Comunismo cinese: “rieducazione attraverso il lavoro”.campi di detenzione di massa nello Xinjiang

Non si parla di secoli addietro, ma di scandali che esistono in Cina come in altri paesi ” NON ESATTAMENTE DEMOCRATICI” come dimostra l’opacità e i ritardi nella vicenda del coronavirus cinese.

La vicenda che ci apprestiamo a trattare riguarda “nuova fuga di documenti governativi cinesi altamente classificati ha scoperto il manuale delle operazioni per la gestione dei campi di detenzione di massa nello Xinjiang ed esposto i meccanismi del sistema di sorveglianza di massa orwelliano della regione e la “polizia preventiva” scoperti dai giornalisti investigativi di ICIJ.ORG che si distinguono per le fonti riservate e l’approfondimento degli articoli sempre fondati:

china cables originale

 

Quello sopra riportato è un  documento esclusivo, manuali che dimostrano l’esiste dei modi “spicci” con cui vengono catalogati e tenuti sotto controllo coloro che non si adeguano..

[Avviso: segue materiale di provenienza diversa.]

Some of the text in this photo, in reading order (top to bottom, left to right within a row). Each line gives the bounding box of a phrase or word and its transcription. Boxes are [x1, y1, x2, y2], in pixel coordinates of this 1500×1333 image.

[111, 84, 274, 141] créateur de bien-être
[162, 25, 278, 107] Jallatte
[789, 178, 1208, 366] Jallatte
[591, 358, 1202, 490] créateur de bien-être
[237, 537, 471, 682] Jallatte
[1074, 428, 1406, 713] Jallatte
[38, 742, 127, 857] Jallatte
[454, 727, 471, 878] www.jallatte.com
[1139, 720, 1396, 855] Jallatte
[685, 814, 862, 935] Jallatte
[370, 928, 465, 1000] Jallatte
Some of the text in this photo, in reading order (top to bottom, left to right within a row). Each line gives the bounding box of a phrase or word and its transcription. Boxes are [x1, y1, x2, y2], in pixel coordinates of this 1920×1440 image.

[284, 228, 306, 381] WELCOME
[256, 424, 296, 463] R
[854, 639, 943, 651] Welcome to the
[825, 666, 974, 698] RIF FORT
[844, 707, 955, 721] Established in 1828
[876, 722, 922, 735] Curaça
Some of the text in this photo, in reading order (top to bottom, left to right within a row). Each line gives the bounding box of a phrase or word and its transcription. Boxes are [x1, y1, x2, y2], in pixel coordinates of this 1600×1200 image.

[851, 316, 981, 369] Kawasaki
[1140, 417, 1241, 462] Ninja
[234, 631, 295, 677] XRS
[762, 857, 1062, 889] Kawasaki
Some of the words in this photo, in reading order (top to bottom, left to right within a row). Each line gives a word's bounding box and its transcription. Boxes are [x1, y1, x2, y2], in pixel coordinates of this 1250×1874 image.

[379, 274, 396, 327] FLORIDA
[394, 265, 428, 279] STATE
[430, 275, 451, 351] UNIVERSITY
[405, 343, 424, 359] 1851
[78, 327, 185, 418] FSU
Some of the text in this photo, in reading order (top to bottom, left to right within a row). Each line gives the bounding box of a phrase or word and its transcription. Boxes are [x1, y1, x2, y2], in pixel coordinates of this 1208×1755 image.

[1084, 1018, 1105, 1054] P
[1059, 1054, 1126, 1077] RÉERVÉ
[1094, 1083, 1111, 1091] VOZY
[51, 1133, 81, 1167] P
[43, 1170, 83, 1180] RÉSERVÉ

Si tratta nello specifico di un “ manuale, chiamato “telegramma”, istruisce il personale del campo su questioni come prevenire le fughe, come mantenere la totale segretezza sull’esistenza dei campi, i metodi di indottrinamento forzato, come controllare le epidemie di malattia e quando consentire ai detenuti di vedere i parenti o persino usare il bagno. Il documento, che risale al 2017, mette a nudo un sistema di “punti” di modifica del comportamento per stabilire punizioni e ricompense per i detenuti.”.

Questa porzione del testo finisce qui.